2. Binary-specific flags (e.g., -DIMPL_LIBXUL). (i.e., these ought to
propagate according to FINAL_LIBRARY).
3. File-specific flags
4. PGO mode-dependent flags. In practice, these flags oughtn't be
necessary for most integration project tools
[The role of NO_VISIBILITY_FLAGS, DISABLE_STL_WRAPPING, and
FAIL_ON_WARNINGS is kind of vague on this point. In theory,
NO_VISIBILITY_FLAGS and DISABLE_STL_WRAPPING should apply equally across
all levels of FINAL_LIBRARY, but I'm willing to bet that they don't
right now. I'm treating FAIL_ON_WARNINGS as effectively a file-specific
flag for this categorization purpose.]
In theory, we ought to be able to cleanly separate these rules so we
could define a compile rule like this:
$(CC) $(OUTOPTION)$@ -c $(GLOBAL_CFLAGS) $(BINARY_CFLAGS) $(PGO_CFLAGS)
$($(notdir $<)_FLAGS) $(_VPATH_SRCS)
[This is less true for linking-level flags, but the most important use
cases are concerned with the compile lines, not the link lines, so I'm
willing to punt on that for now.]
With this in mind, I'd like to propose working on this issue by doing
the following steps:
1. Start combining the global flags into a single GLOBAL_CFLAGS rule,
and make the logic for emitting this happen at configure-time, not in
config.mk. I kind of prefer doing this in moz.build somehow since python
is a far easier language to do logic in than Makefile or m4-augmented
shell-script, but as long as this knowledge is easily communicable to
moz.build (e.g., via CONFIG), that should satisfy most use cases.
2. Introduce a LIBRARY_DEFINES rule that acts like DEFINES but adds its
defines to all libraries within the same FINAL_LIBRARY set. This model
is meant to extend to other options like potentially EXTRA_DSO_LDOPT or
LIBS rules, but I'm not actively targetting linking right now.
Thoughts/comments/questions/concerns/responses/flames?
Perhaps I missed this, but your post doesn't talk about why this
separation is useful.

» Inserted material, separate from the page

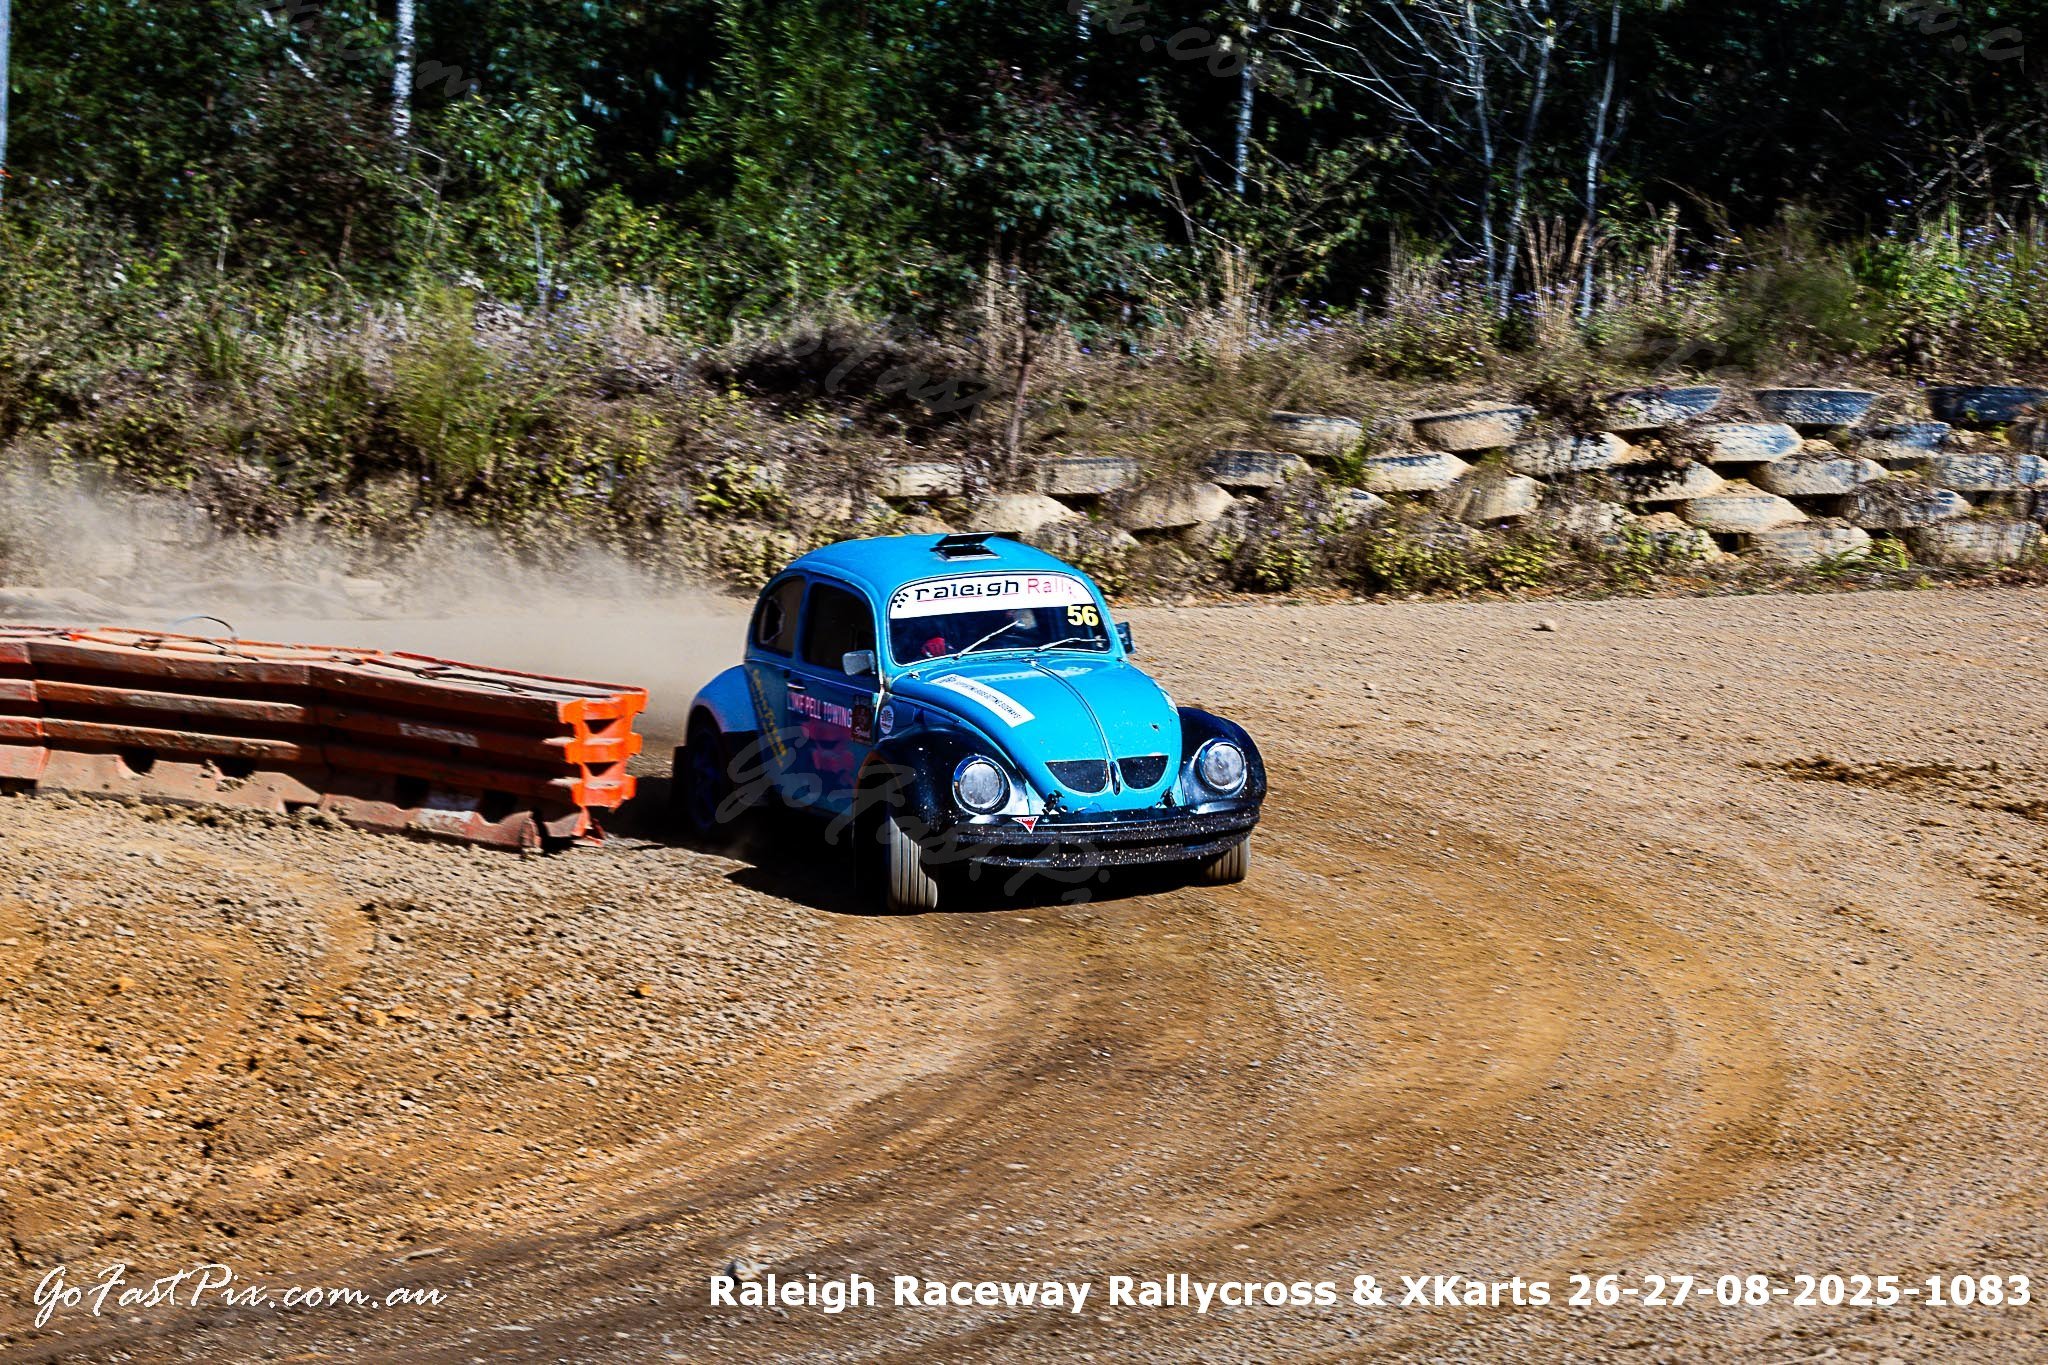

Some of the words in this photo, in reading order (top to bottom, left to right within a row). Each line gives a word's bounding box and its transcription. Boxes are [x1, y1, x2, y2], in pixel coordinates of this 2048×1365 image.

I don't understand why the existing command
lines in rules.mk are not useful...
The current setup hides a lot of the command line from
non-recursive-make systems. The most notable use case for this at the
moment are things like clang compilation databases or the Eclipse or VS
project backends, where we need several command-line flags to correctly
compile code. Hopefully that should be sufficient motivation for why
these ought to be visible at the moz.build level.
As to why I proposed the breakdown like this: I started with a pass that
would have remitted all the global flags to each backend.mk file by
directly porting config.mk logic to python, to which Mike Hommey
objected in part due to the redundancy of the emission (and also a
belief that this was configure's role, which I don't necessarily
disagree with).
Also, I think #3 and #4 above are already available separately in
moz.build (through SOURCES[foo.cpp].flags/pgo). How large is the #2
set? Can we just hardcode the binary specific flags somewhere? I
worry that adding more different types of flags would make moz.build
harder to use (for example, I don't think everyone understand why they
should use LOCAL_INCLUDES over CXXFLAGS = ['-I...'].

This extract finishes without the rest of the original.